- _To do_
An image-free, exact copy of the records below is required.

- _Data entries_
§

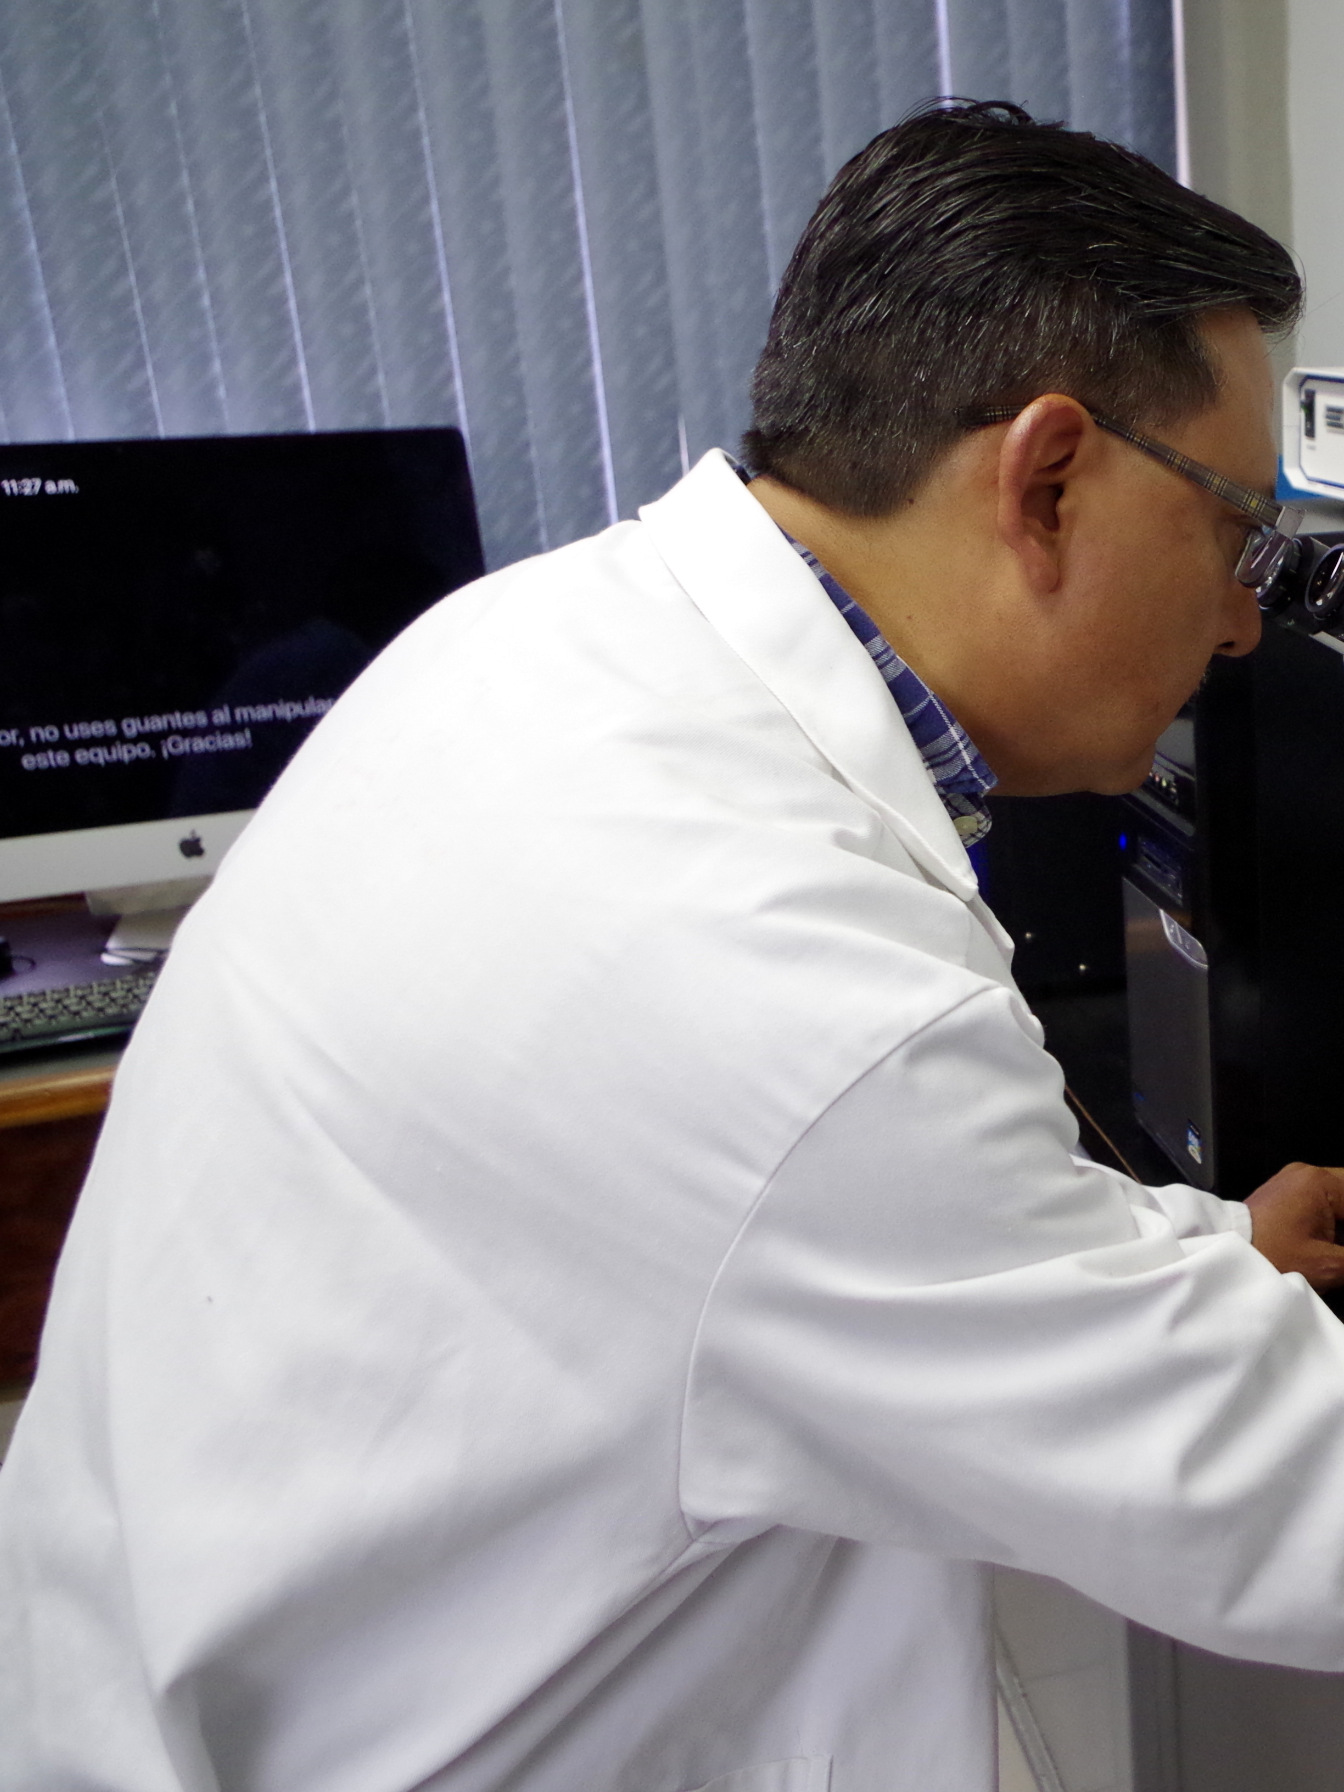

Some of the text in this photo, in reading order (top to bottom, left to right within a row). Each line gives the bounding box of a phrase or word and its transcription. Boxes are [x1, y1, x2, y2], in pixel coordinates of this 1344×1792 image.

[1, 477, 42, 496] 11:27
[29, 724, 60, 743] no
[63, 719, 118, 740] uses
[121, 709, 208, 739] guantes
[211, 703, 232, 726] al
[21, 727, 253, 771] este equipo. ¡Gracias!
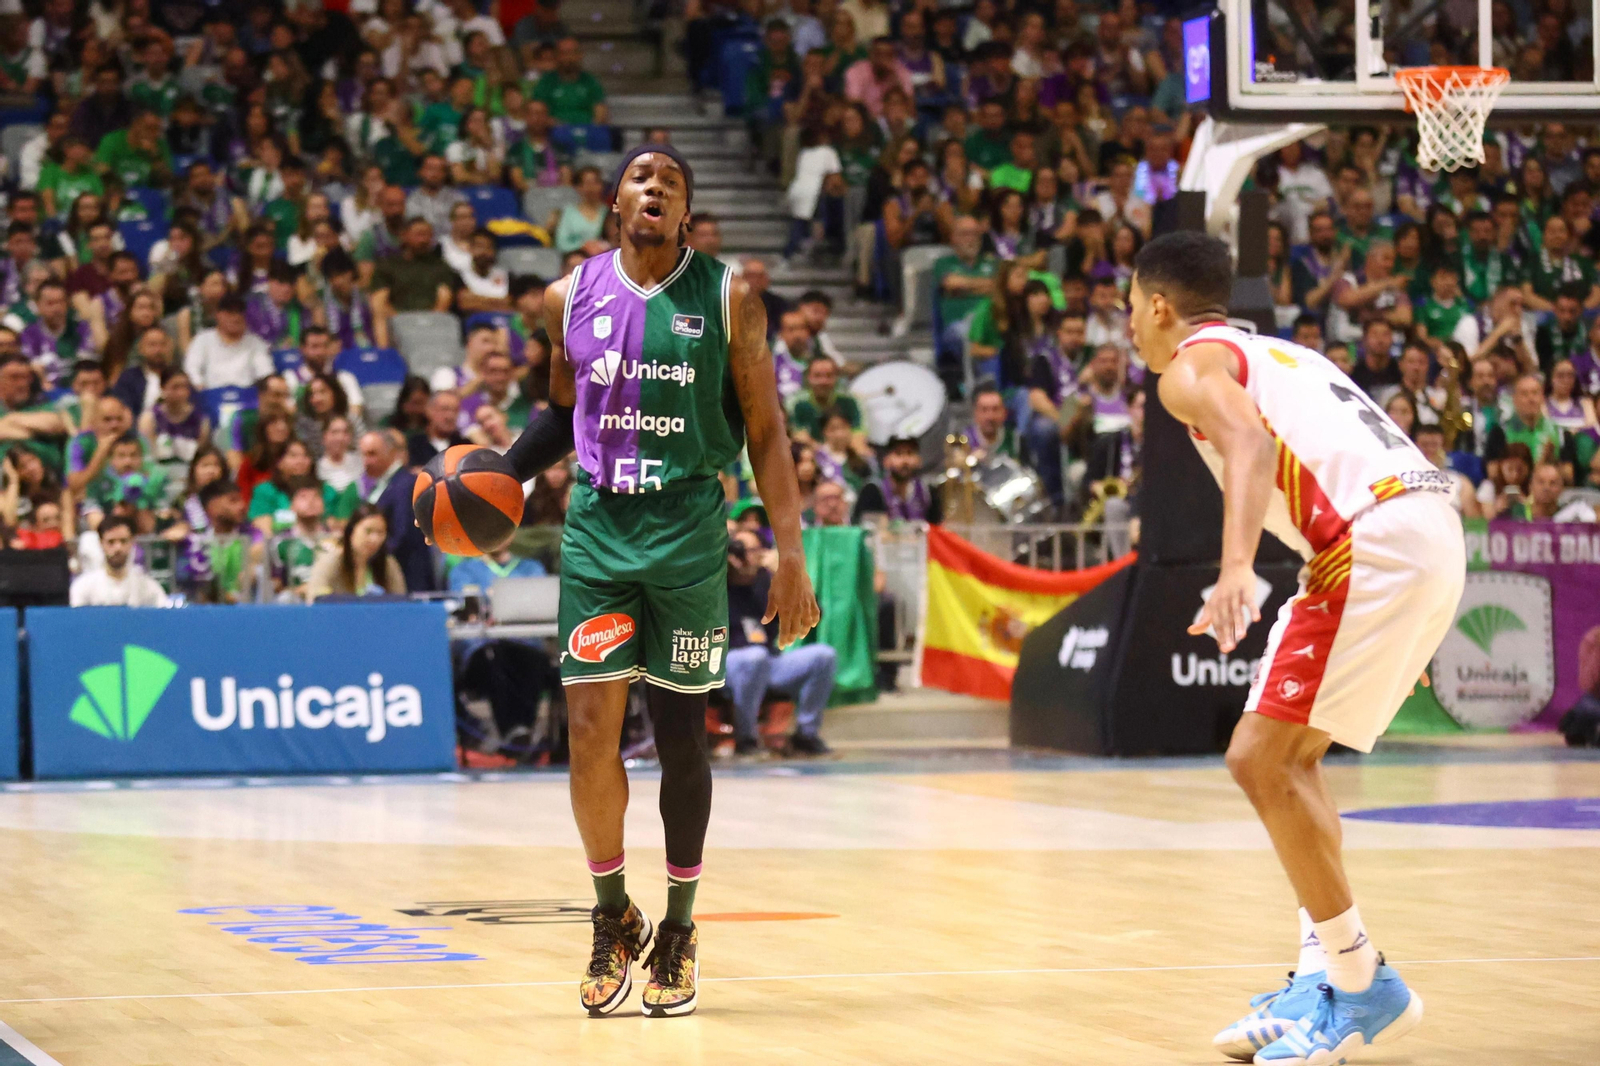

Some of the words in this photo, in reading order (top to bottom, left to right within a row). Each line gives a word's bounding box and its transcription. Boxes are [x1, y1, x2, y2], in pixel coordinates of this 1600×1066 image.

[622, 359, 696, 387] Unicaja
[611, 457, 663, 494] 55
[1512, 532, 1556, 565] DEL
[575, 618, 634, 655] famadesa
[672, 628, 693, 636] sabor
[671, 644, 709, 669] laga
[190, 672, 423, 743] Unicaja
[176, 904, 488, 966] endesa

§

- _Solution below_
Some of the text in this photo, in reading order (top to bottom, left to right within a row). Each line gives the bounding box of a phrase or word and its transcription. Boxes are [x1, y1, x2, y2], in pixel coordinates of this 1344×1792 image.

[1, 477, 42, 496] 11:27
[29, 724, 60, 743] no
[63, 719, 118, 740] uses
[121, 709, 208, 739] guantes
[211, 703, 232, 726] al
[21, 727, 253, 771] este equipo. ¡Gracias!

Some of the words in this photo, in reading order (top to bottom, left to right within a row). Each line gives a word's bounding box and its transcription. Boxes are [x1, y1, x2, y2], in pixel coordinates of this 1600×1066 image.

[622, 359, 696, 387] Unicaja
[611, 457, 663, 494] 55
[1512, 532, 1556, 565] DEL
[575, 618, 634, 655] famadesa
[672, 628, 693, 636] sabor
[671, 644, 709, 669] laga
[190, 672, 423, 743] Unicaja
[176, 904, 488, 966] endesa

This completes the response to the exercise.